“Tell me what you eat, and I will tell you what you are” – Anthelme Brillat-Savarin
I think the easiest way to really find out about a person is to find out their food opinions, be it their worst experience in a restaurant or their ultimate chef’s kiss moment. Food, in my opinion, shapes a person’s life. Even if it was the small gesture of your Mum packing you a small treat in your packed lunch, or the failed attempts at your first bake or that moment where you were beaming with pride as you brought a feast to a table of friends.
Today, I have interviewed Neale and Sarah Hollingsworth, Directors of Dukeshill and Nick Trott our brilliant Production Manager. I couldn’t trust three people more in terms of what to eat and how to eat it. Here are their answers to our version of Desert Island Disc AKA Desert Island Dish.
Earliest food memory?
Neale: My mum coming home with the first “Avocado Pear” we had ever seen – circa 1967. Being told I “wouldn’t like it” …as she had only bought one and there were three of us.
Earliest “real food experience”: Eating a proper Bouillabaisse in the south of France aged 7.
Nick: Soft Boiled Eggs and Soldiers. It is my first memory of eating solid food and I still love them today and have them at least 2 or 3 times a month.

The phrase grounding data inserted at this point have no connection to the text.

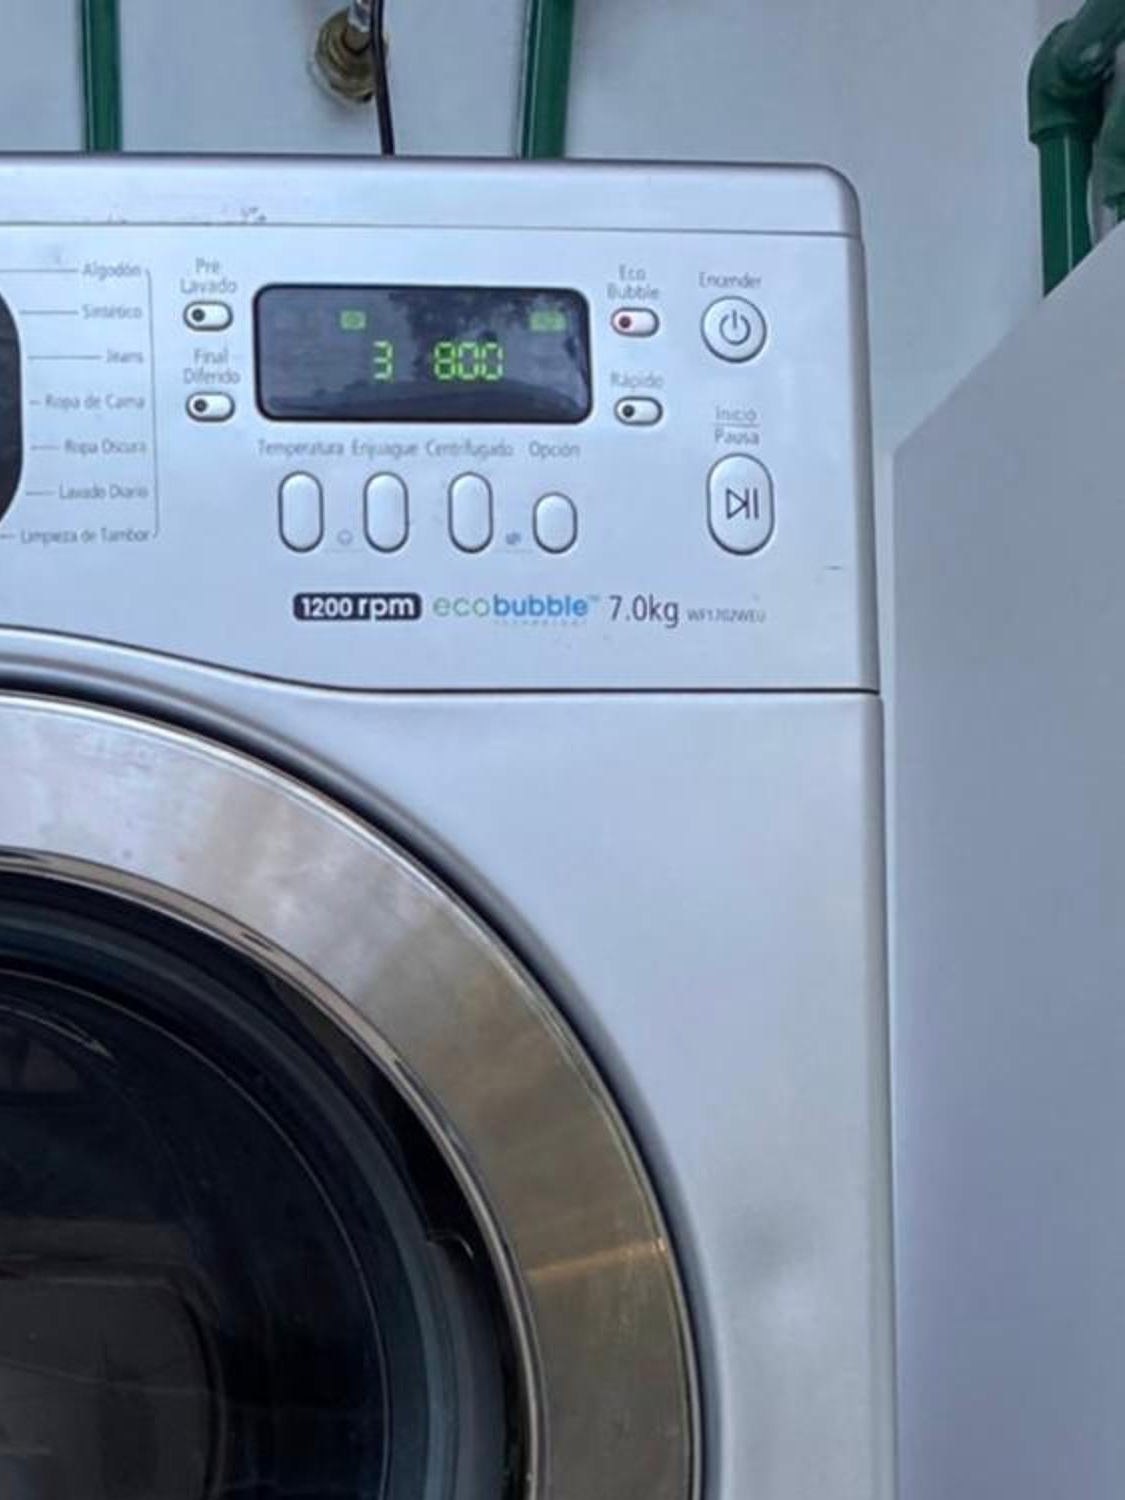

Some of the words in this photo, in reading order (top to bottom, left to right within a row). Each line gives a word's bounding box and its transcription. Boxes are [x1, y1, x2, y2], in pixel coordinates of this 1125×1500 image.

[619, 264, 647, 282] Eco
[179, 277, 239, 295] Lavado
[607, 282, 660, 300] Bubble
[106, 349, 144, 364] Jeans
[193, 346, 229, 365] Final
[373, 340, 393, 381] 3
[434, 340, 504, 381] 800
[183, 366, 242, 385] Diferido
[44, 394, 81, 412] Ropa
[84, 394, 102, 409] de
[105, 394, 146, 410] Cama
[714, 428, 760, 446] Pausa
[64, 438, 99, 457] Ropa
[102, 438, 148, 455] Oscura
[257, 438, 344, 458] Temperatura
[351, 438, 420, 458] Enjuague
[425, 438, 515, 458] Centrifugado
[528, 437, 582, 459] Opción
[58, 479, 106, 500] Lavado
[109, 483, 149, 500] Diario
[20, 530, 78, 548] Limpieza
[80, 528, 96, 544] de
[101, 527, 150, 543] Tambor
[300, 597, 352, 617] 1200
[358, 597, 415, 620] rpm
[432, 594, 589, 618] ecobubble
[608, 594, 680, 629] 7.0kg
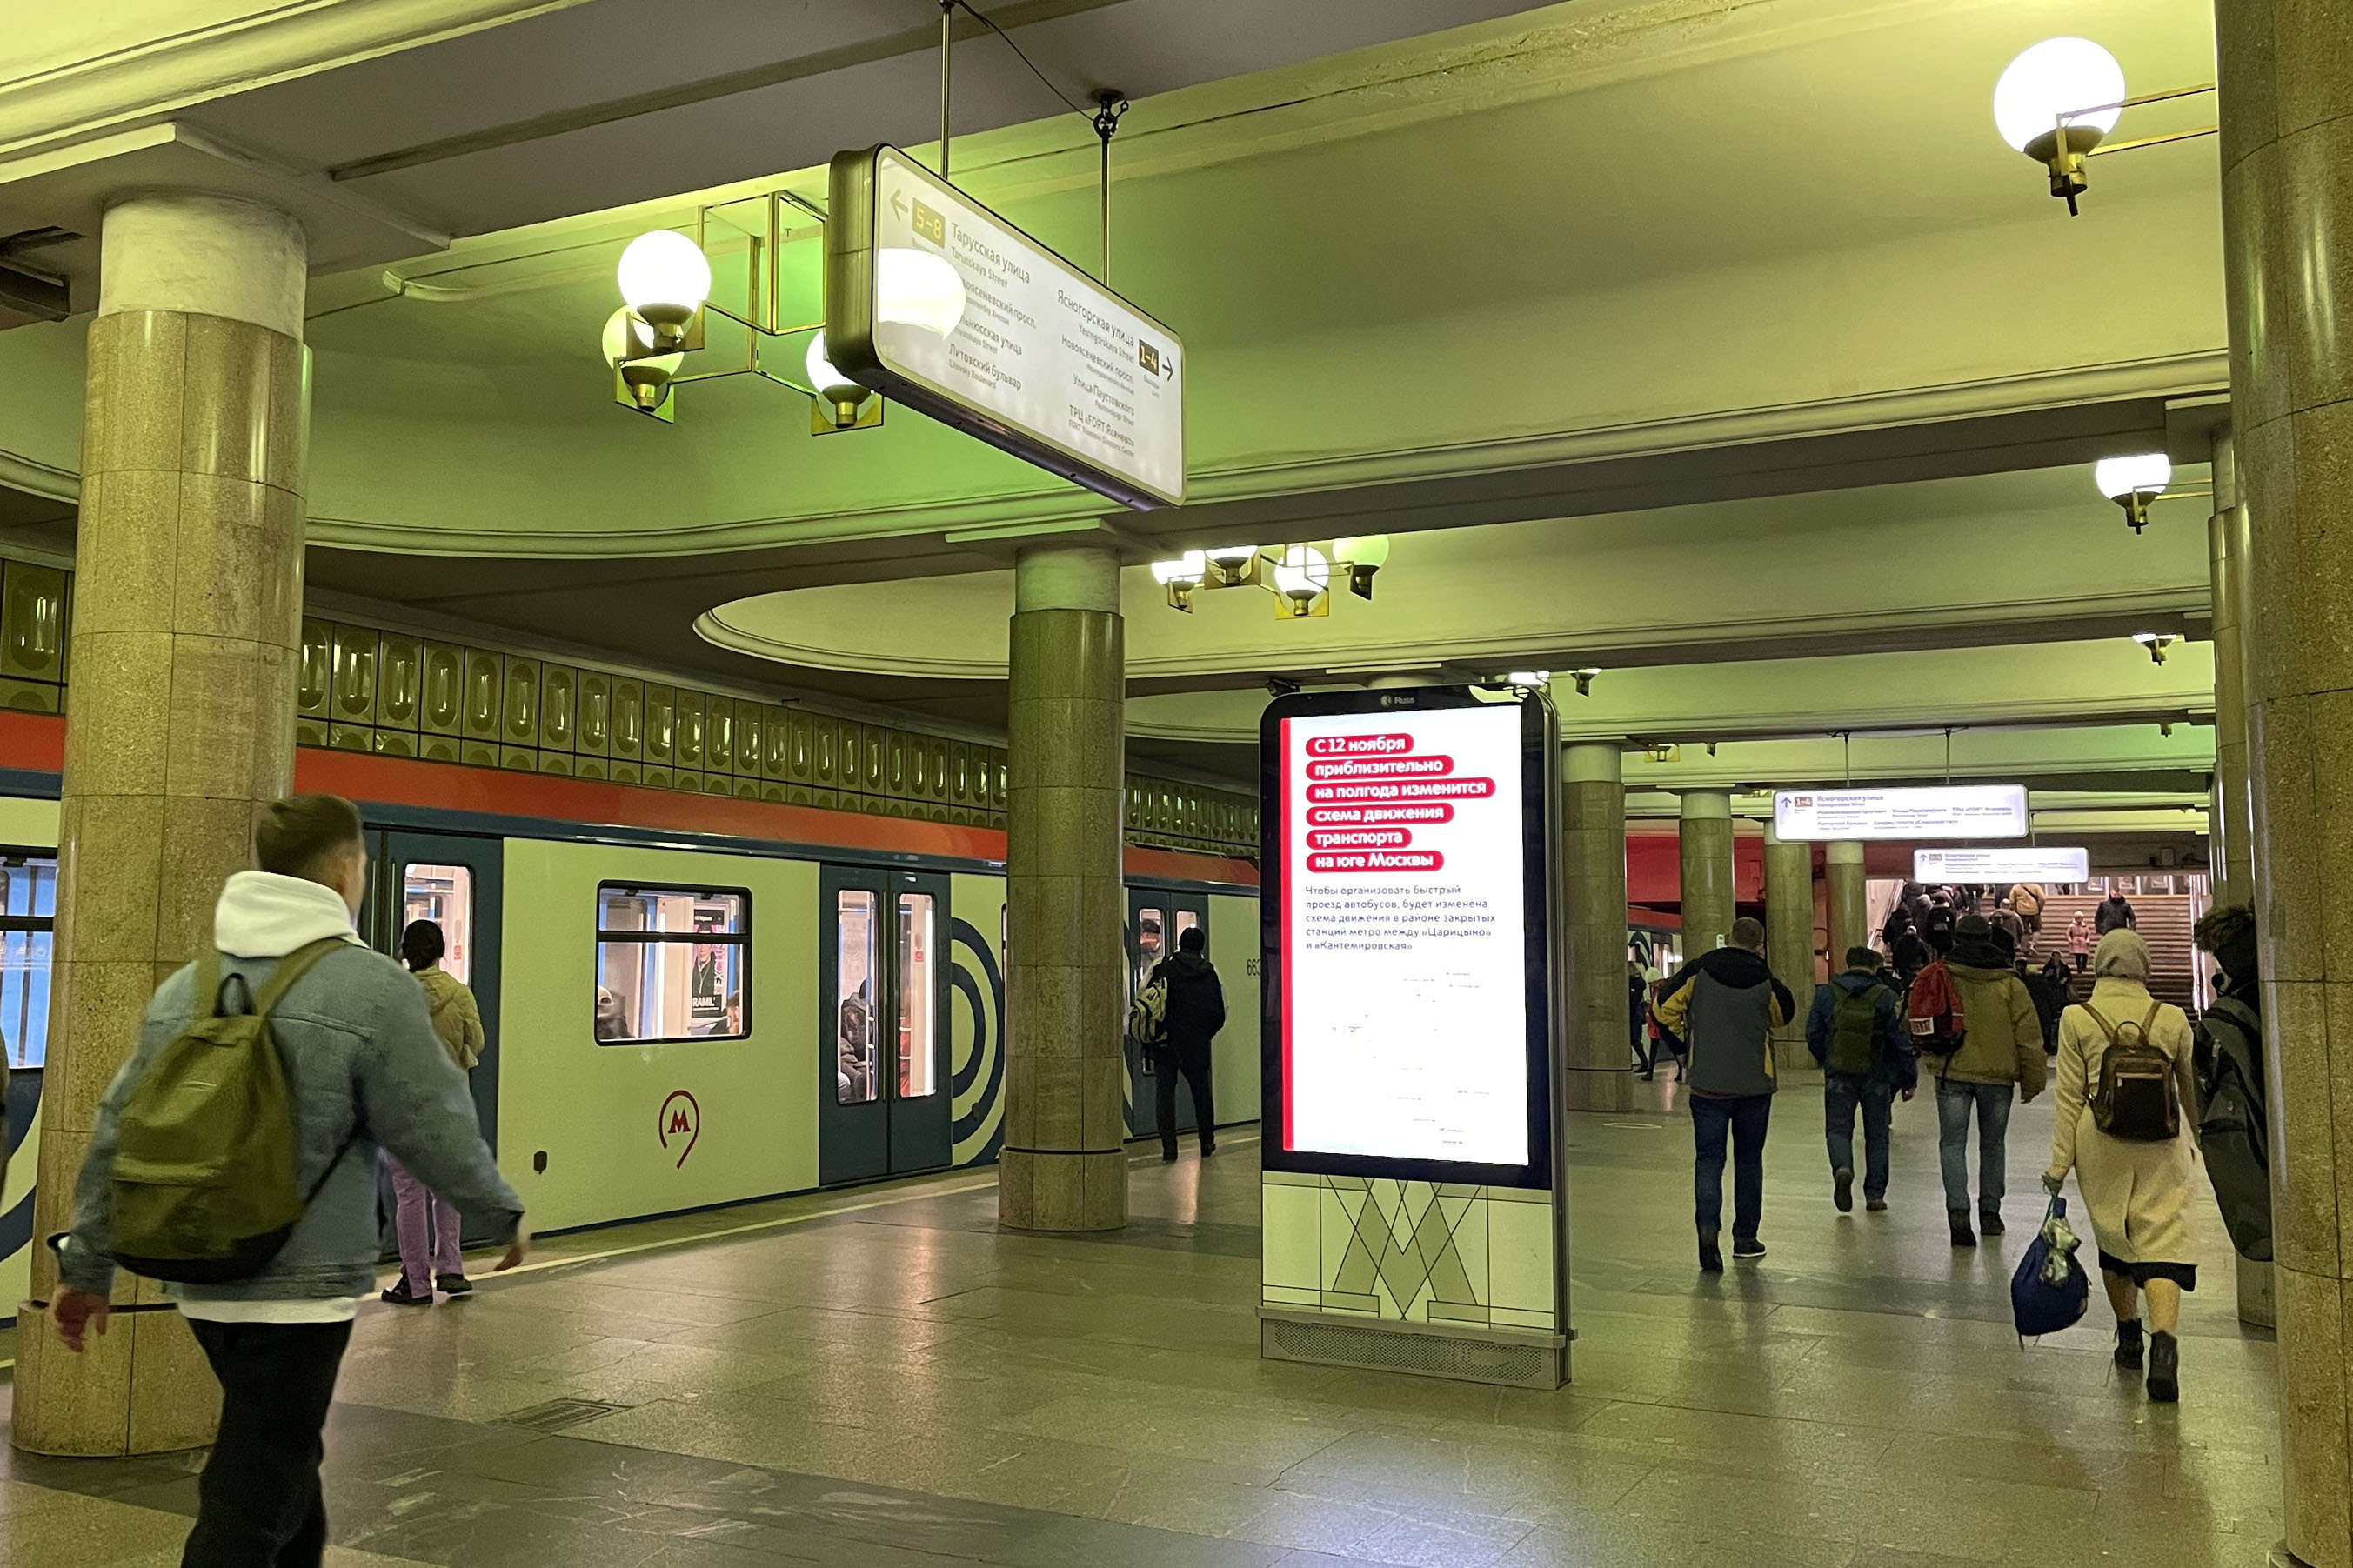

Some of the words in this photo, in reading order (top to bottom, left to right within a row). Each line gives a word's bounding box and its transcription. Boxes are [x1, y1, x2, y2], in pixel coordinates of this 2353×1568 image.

[952, 222, 1001, 266] Тарусская
[1002, 257, 1030, 284] улица
[988, 268, 1008, 289] Street
[961, 277, 1013, 316] воясеневский
[1013, 309, 1037, 330] просп.
[1058, 289, 1110, 332] Ясногорская
[1111, 324, 1134, 348] улица
[960, 314, 1000, 344] льнюсская
[1000, 336, 1022, 356] улица
[949, 343, 991, 374] Литовский
[992, 365, 1022, 391] бульвар
[1073, 373, 1093, 394] Улица
[1069, 404, 1084, 424] ТРЦ
[1327, 737, 1346, 753] 12
[1348, 736, 1406, 753] ноября
[1315, 759, 1443, 778] приблизительно
[1315, 787, 1333, 799] на
[1336, 784, 1399, 799] полгода
[1401, 780, 1487, 797] изменится
[1315, 809, 1361, 822] схема
[1364, 806, 1444, 823] движения
[1315, 831, 1403, 848] транспорта
[1315, 856, 1332, 868] на
[1336, 854, 1366, 868] юге
[1368, 851, 1434, 867] Москвы
[1414, 884, 1461, 896] быстрый
[1306, 901, 1341, 910] проезд
[1344, 899, 1400, 910] автобусов,
[1402, 899, 1433, 910] будет
[1402, 913, 1440, 923] районе
[1306, 928, 1346, 937] станций
[1384, 929, 1419, 938] между
[1422, 927, 1491, 937] «Царицыно»
[1314, 941, 1413, 951] «Кантемировская»
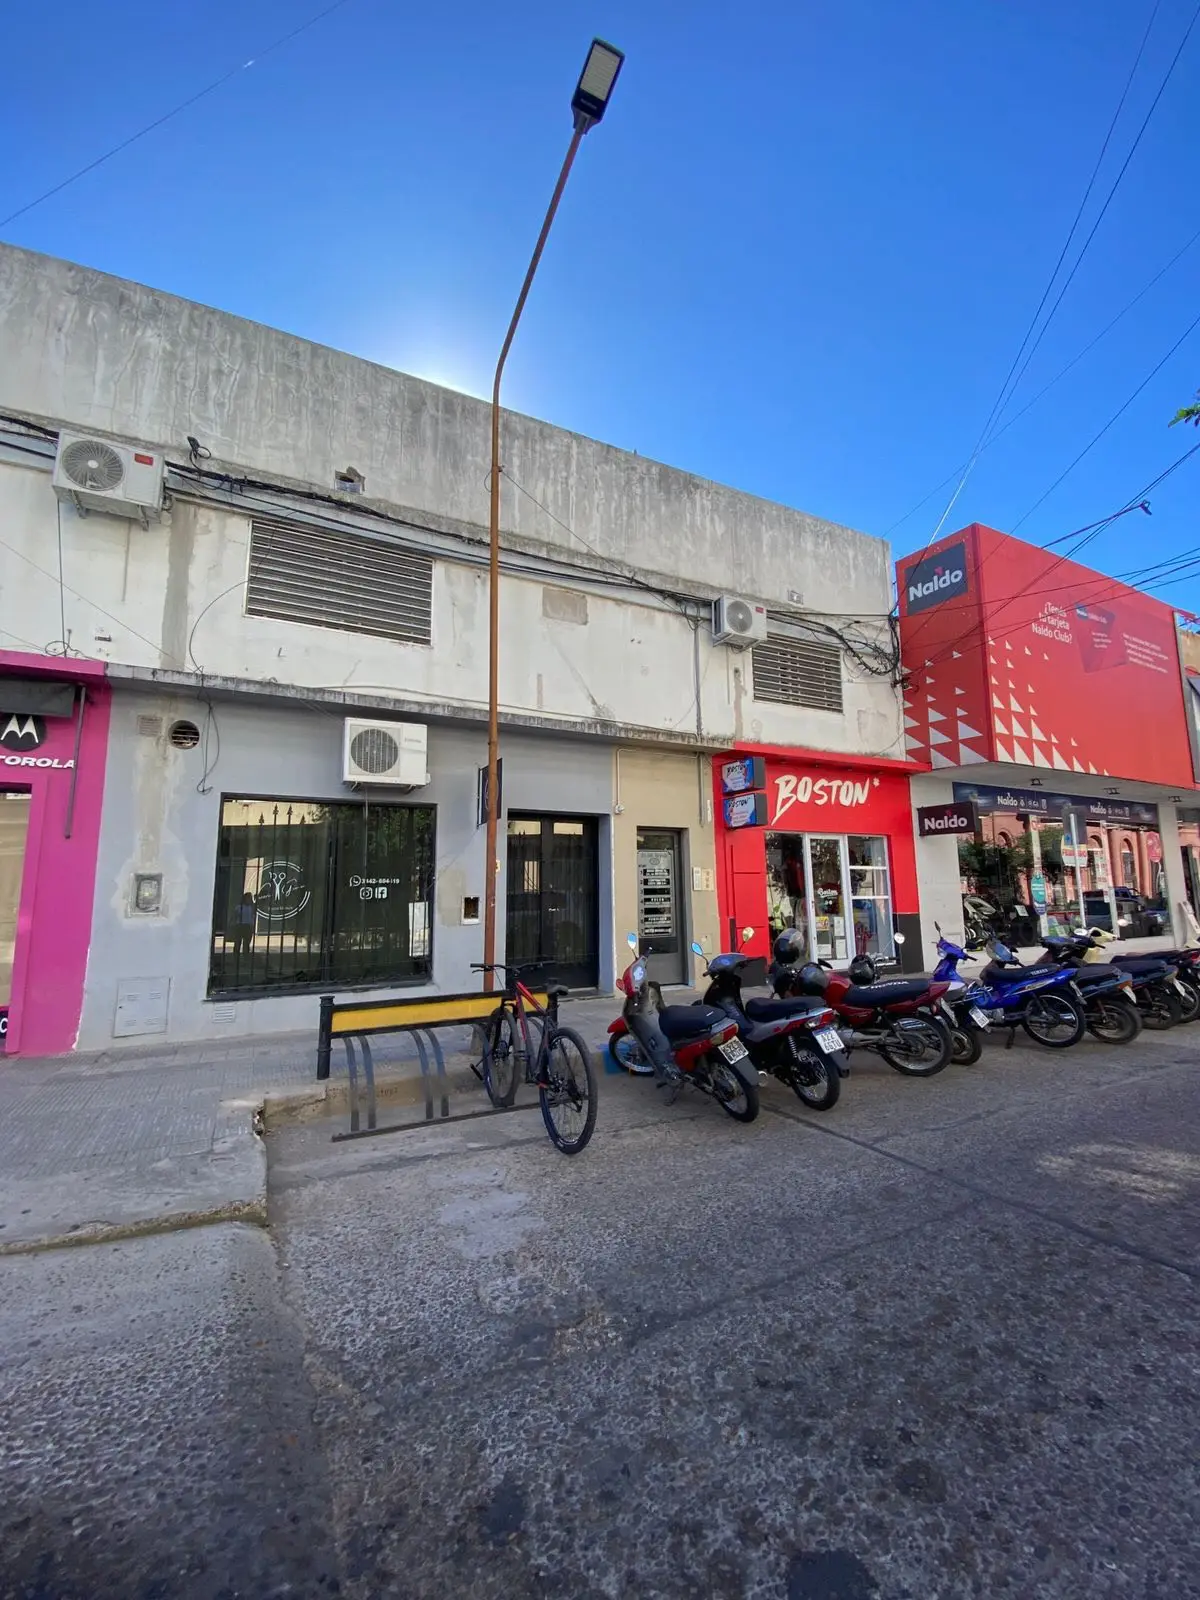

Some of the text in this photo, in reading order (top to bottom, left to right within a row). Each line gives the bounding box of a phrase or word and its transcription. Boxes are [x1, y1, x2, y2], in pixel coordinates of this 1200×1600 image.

Sarah: My Grandad’s home-made Steak & Kidney Pie made with flaky pastry which used to literally melt in my mouth. I can remember the taste so vividly. Incredibly tender, slow cooked beef, piquant kidney and delicious, flavoursome thin gravy. Whenever I’m in a pub it’s always the first thing I gravitate towards if it’s on offer. It has to be home-made of course. Our best-selling Steak & Ale Pie is hand made for us and is the best I’ve come across since my Grandad’s.
Neale: Fish and Chips from The Fish Plaice in Swanage, or a Burger from Bleecker
Nick: Really good quality fish and chips. They must be ultra-fresh and be eaten out of the paper.
Sarah: Fish ‘N Chips every time! It’s got to be really good, freshly made beer battered white cod fillet with proper chunky, slightly mushy greasy chips laden with salt and vinegar. Oh and of course a tub of fluorescent mushy peas on the side. I would add a deep-fried Mars Bar as long as nobody shouts at me! I’ve only ever had this once at a chippy up in Gairloch in Scotland, but my goodness it was unbelievably good and almost worth the 5000 calories to finish off my takeaway meal.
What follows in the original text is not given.